- **Source data**:
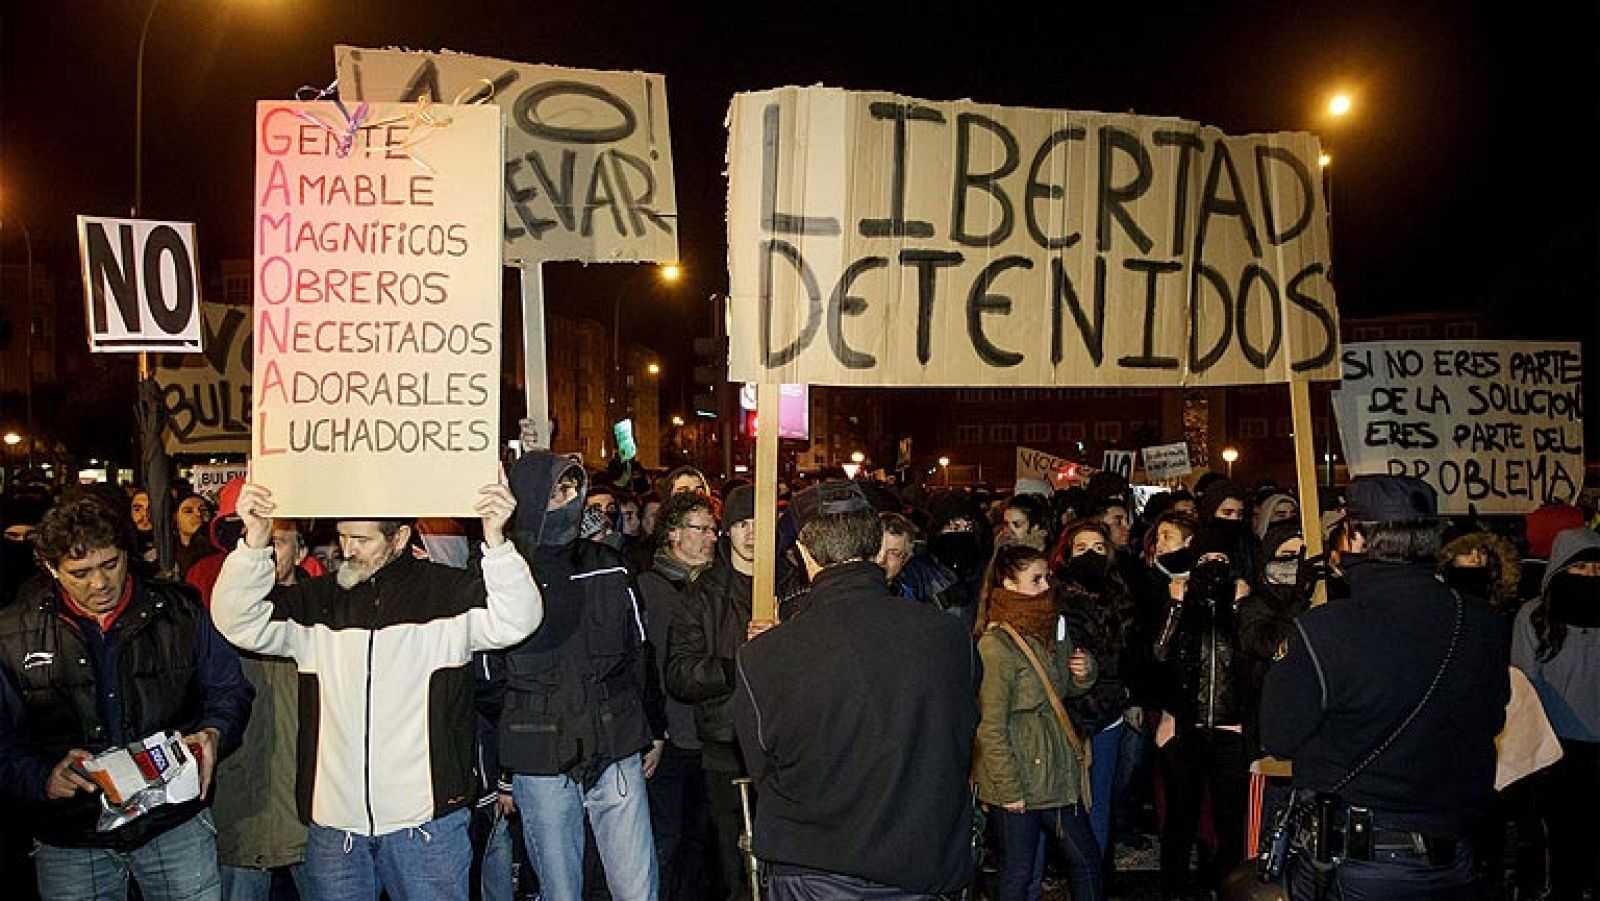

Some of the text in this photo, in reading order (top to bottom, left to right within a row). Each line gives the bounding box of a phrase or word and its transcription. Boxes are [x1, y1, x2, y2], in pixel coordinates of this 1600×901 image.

[262, 160, 434, 207] AMABLE
[505, 150, 673, 241] EVAR
[760, 101, 1314, 258] LIBERTAD
[86, 222, 194, 334] NO
[260, 256, 449, 306] OBREROS
[759, 239, 1338, 372] DETENIDOS
[258, 360, 488, 407] ADORABLES
[1342, 350, 1583, 385] SI NO ERES PARTE
[1368, 387, 1408, 415] DE
[1416, 385, 1451, 414] LA
[260, 411, 490, 456] LUCHADORES
[1364, 420, 1582, 454] ERES PARTE DEL

- **What you are asked to do**:
The answer must be an exact copy of the records, with no pictures in it.

- **Written reply**:
Some of the text in this photo, in reading order (top to bottom, left to right within a row). Each line gives the bounding box of a phrase or word and its transcription. Boxes are [x1, y1, x2, y2], in pixel coordinates of this 1600×901 image.

[262, 160, 434, 207] AMABLE
[505, 150, 673, 241] EVAR
[760, 101, 1314, 258] LIBERTAD
[86, 222, 194, 334] NO
[260, 256, 449, 306] OBREROS
[759, 239, 1338, 372] DETENIDOS
[258, 360, 488, 407] ADORABLES
[1342, 350, 1583, 385] SI NO ERES PARTE
[1368, 387, 1408, 415] DE
[1416, 385, 1451, 414] LA
[260, 411, 490, 456] LUCHADORES
[1364, 420, 1582, 454] ERES PARTE DEL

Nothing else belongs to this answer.